| Your assignment |
Hand back all of the records exactly as they read.

| Material shown |

□ □ □ □ □ □ □

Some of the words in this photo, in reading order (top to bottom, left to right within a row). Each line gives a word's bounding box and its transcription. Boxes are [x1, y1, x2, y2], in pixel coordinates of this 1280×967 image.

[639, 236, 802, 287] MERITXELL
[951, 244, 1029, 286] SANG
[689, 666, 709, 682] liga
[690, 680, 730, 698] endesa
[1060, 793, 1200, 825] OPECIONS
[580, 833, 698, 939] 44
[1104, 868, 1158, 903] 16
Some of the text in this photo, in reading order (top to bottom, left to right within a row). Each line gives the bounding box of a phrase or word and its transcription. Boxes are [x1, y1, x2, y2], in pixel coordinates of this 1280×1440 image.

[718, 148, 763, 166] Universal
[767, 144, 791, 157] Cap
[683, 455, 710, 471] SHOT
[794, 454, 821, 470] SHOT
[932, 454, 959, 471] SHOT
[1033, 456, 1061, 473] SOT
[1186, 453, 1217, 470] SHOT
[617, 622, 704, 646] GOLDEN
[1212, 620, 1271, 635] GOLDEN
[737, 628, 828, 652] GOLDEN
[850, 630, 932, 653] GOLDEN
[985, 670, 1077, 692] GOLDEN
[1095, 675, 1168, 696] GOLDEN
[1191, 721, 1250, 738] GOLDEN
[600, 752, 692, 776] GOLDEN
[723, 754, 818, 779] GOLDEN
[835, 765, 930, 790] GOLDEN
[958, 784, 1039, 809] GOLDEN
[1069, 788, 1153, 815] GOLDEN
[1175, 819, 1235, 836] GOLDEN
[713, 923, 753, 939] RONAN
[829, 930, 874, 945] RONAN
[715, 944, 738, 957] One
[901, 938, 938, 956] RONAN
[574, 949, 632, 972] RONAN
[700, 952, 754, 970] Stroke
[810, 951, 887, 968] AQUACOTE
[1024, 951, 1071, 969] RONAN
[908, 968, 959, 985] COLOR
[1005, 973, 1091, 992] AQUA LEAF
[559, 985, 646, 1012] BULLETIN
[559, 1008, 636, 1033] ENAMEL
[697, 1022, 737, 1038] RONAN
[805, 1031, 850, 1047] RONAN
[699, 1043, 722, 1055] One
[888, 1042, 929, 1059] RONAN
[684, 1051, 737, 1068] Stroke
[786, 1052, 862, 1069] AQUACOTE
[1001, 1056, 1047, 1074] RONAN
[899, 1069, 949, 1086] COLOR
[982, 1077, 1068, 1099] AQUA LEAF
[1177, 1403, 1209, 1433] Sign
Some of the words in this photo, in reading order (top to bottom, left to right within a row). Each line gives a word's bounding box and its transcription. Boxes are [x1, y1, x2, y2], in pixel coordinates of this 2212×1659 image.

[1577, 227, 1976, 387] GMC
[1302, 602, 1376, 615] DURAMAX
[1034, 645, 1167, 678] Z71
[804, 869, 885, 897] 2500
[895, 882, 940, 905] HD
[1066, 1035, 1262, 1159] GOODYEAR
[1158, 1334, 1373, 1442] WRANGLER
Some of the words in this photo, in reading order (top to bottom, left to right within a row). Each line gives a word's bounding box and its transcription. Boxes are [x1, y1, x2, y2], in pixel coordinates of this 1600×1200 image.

□ □ □ □ □ □ □

| Problem solution |
Some of the words in this photo, in reading order (top to bottom, left to right within a row). Each line gives a word's bounding box and its transcription. Boxes are [x1, y1, x2, y2], in pixel coordinates of this 1280×967 image.

[639, 236, 802, 287] MERITXELL
[951, 244, 1029, 286] SANG
[689, 666, 709, 682] liga
[690, 680, 730, 698] endesa
[1060, 793, 1200, 825] OPECIONS
[580, 833, 698, 939] 44
[1104, 868, 1158, 903] 16
Some of the text in this photo, in reading order (top to bottom, left to right within a row). Each line gives the bounding box of a phrase or word and its transcription. Boxes are [x1, y1, x2, y2], in pixel coordinates of this 1280×1440 image.

[718, 148, 763, 166] Universal
[767, 144, 791, 157] Cap
[683, 455, 710, 471] SHOT
[794, 454, 821, 470] SHOT
[932, 454, 959, 471] SHOT
[1033, 456, 1061, 473] SOT
[1186, 453, 1217, 470] SHOT
[617, 622, 704, 646] GOLDEN
[1212, 620, 1271, 635] GOLDEN
[737, 628, 828, 652] GOLDEN
[850, 630, 932, 653] GOLDEN
[985, 670, 1077, 692] GOLDEN
[1095, 675, 1168, 696] GOLDEN
[1191, 721, 1250, 738] GOLDEN
[600, 752, 692, 776] GOLDEN
[723, 754, 818, 779] GOLDEN
[835, 765, 930, 790] GOLDEN
[958, 784, 1039, 809] GOLDEN
[1069, 788, 1153, 815] GOLDEN
[1175, 819, 1235, 836] GOLDEN
[713, 923, 753, 939] RONAN
[829, 930, 874, 945] RONAN
[715, 944, 738, 957] One
[901, 938, 938, 956] RONAN
[574, 949, 632, 972] RONAN
[700, 952, 754, 970] Stroke
[810, 951, 887, 968] AQUACOTE
[1024, 951, 1071, 969] RONAN
[908, 968, 959, 985] COLOR
[1005, 973, 1091, 992] AQUA LEAF
[559, 985, 646, 1012] BULLETIN
[559, 1008, 636, 1033] ENAMEL
[697, 1022, 737, 1038] RONAN
[805, 1031, 850, 1047] RONAN
[699, 1043, 722, 1055] One
[888, 1042, 929, 1059] RONAN
[684, 1051, 737, 1068] Stroke
[786, 1052, 862, 1069] AQUACOTE
[1001, 1056, 1047, 1074] RONAN
[899, 1069, 949, 1086] COLOR
[982, 1077, 1068, 1099] AQUA LEAF
[1177, 1403, 1209, 1433] Sign
Some of the words in this photo, in reading order (top to bottom, left to right within a row). Each line gives a word's bounding box and its transcription. Boxes are [x1, y1, x2, y2], in pixel coordinates of this 2212×1659 image.

[1577, 227, 1976, 387] GMC
[1302, 602, 1376, 615] DURAMAX
[1034, 645, 1167, 678] Z71
[804, 869, 885, 897] 2500
[895, 882, 940, 905] HD
[1066, 1035, 1262, 1159] GOODYEAR
[1158, 1334, 1373, 1442] WRANGLER
Some of the words in this photo, in reading order (top to bottom, left to right within a row). Each line gives a word's bounding box and its transcription. Boxes are [x1, y1, x2, y2], in pixel coordinates of this 1600×1200 image.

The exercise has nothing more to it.